WHAT THE TASK ASKS.
Write out the data below in full, unchanged, minus the images.

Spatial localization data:
+++

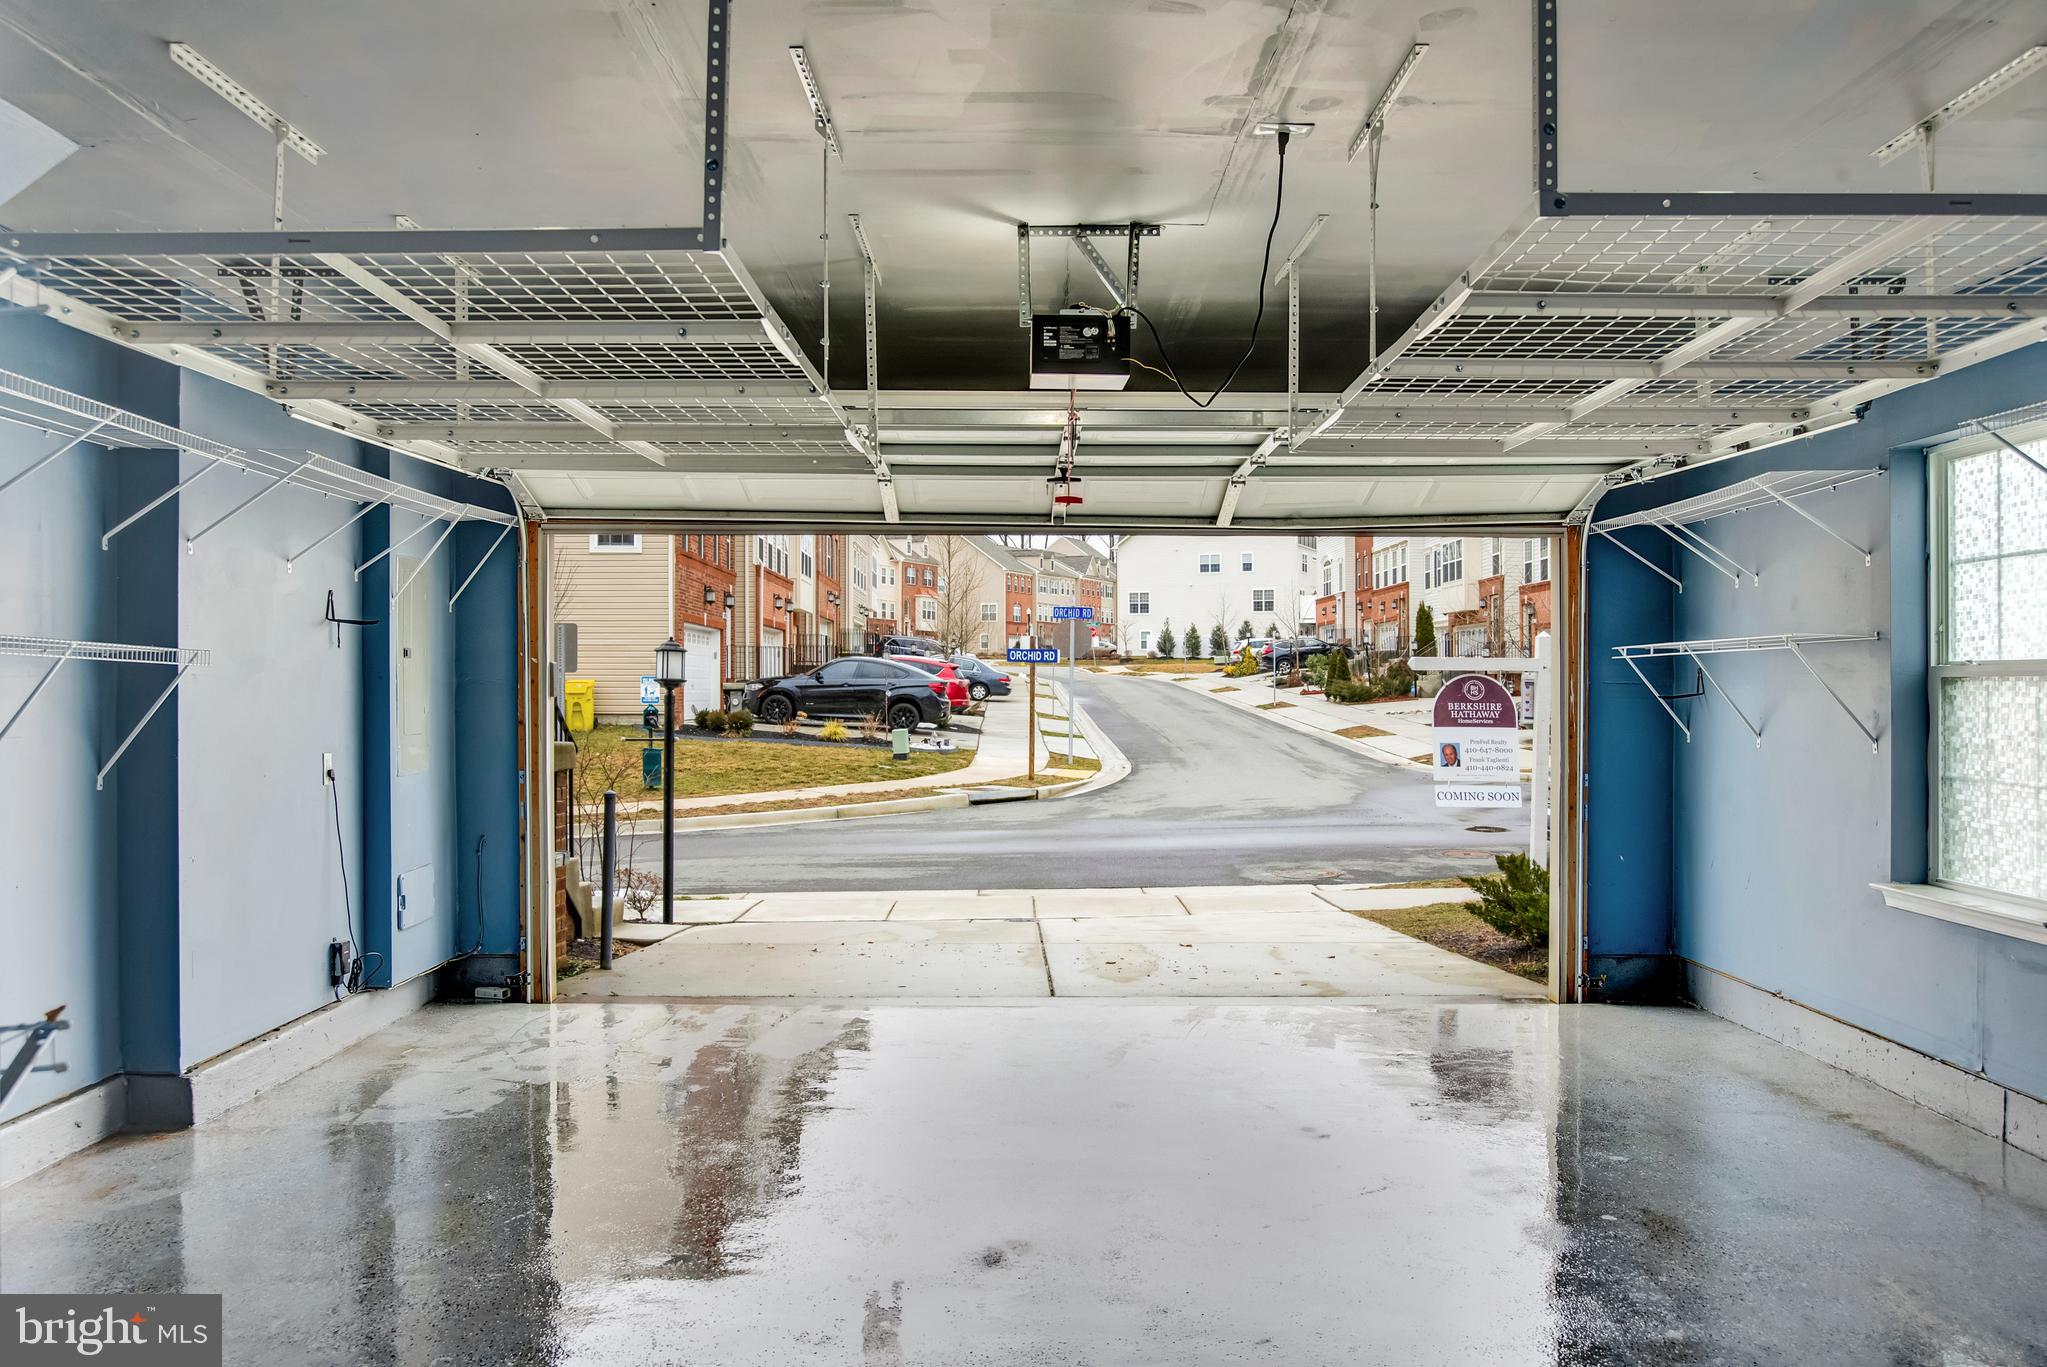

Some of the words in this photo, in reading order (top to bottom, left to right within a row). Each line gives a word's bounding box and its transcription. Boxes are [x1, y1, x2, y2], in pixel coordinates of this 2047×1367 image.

[1054, 608, 1080, 617] ORCHID
[1083, 608, 1092, 617] RD
[1009, 650, 1041, 661] ORCHID
[1043, 651, 1055, 661] RD
[1448, 702, 1502, 710] BERKSHIRE
[1450, 710, 1500, 718] HATHAWAY
[1465, 764, 1514, 772] 410-440-0824
[1436, 791, 1485, 801] COMING
[1487, 791, 1520, 801] SOON
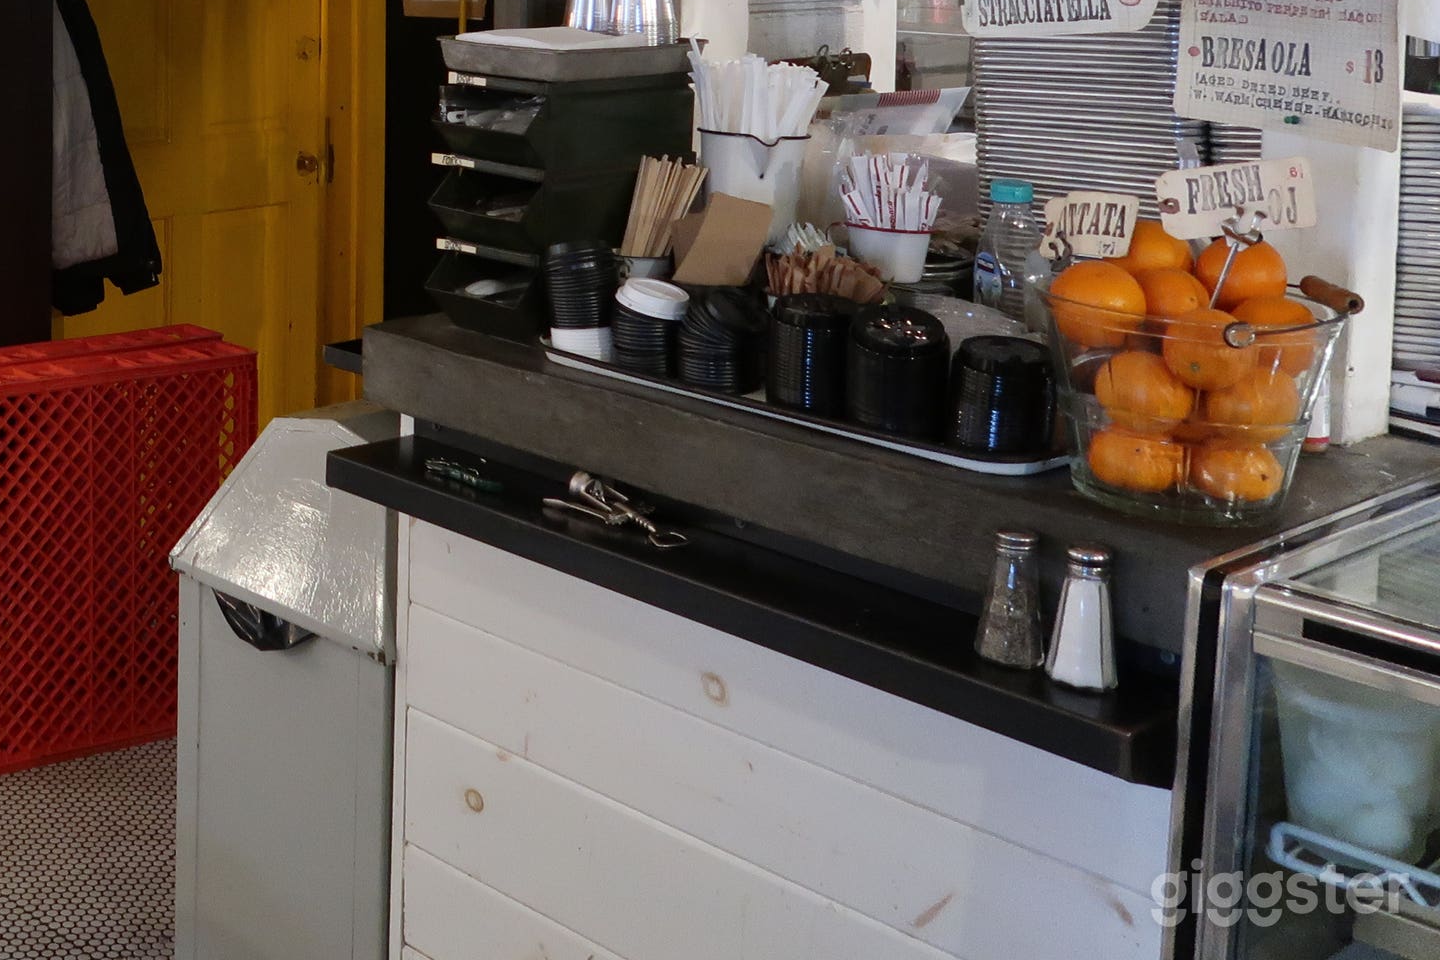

+++

SOLUTION TO THE PROBLEM.
Some of the words in this photo, in reading order (top to bottom, left to right within a row). Each line gives a word's bounding box and its transcription. Boxes are [x1, y1, x2, y2], in pixel coordinates of this 2047×1367 image.

[1054, 608, 1080, 617] ORCHID
[1083, 608, 1092, 617] RD
[1009, 650, 1041, 661] ORCHID
[1043, 651, 1055, 661] RD
[1448, 702, 1502, 710] BERKSHIRE
[1450, 710, 1500, 718] HATHAWAY
[1465, 764, 1514, 772] 410-440-0824
[1436, 791, 1485, 801] COMING
[1487, 791, 1520, 801] SOON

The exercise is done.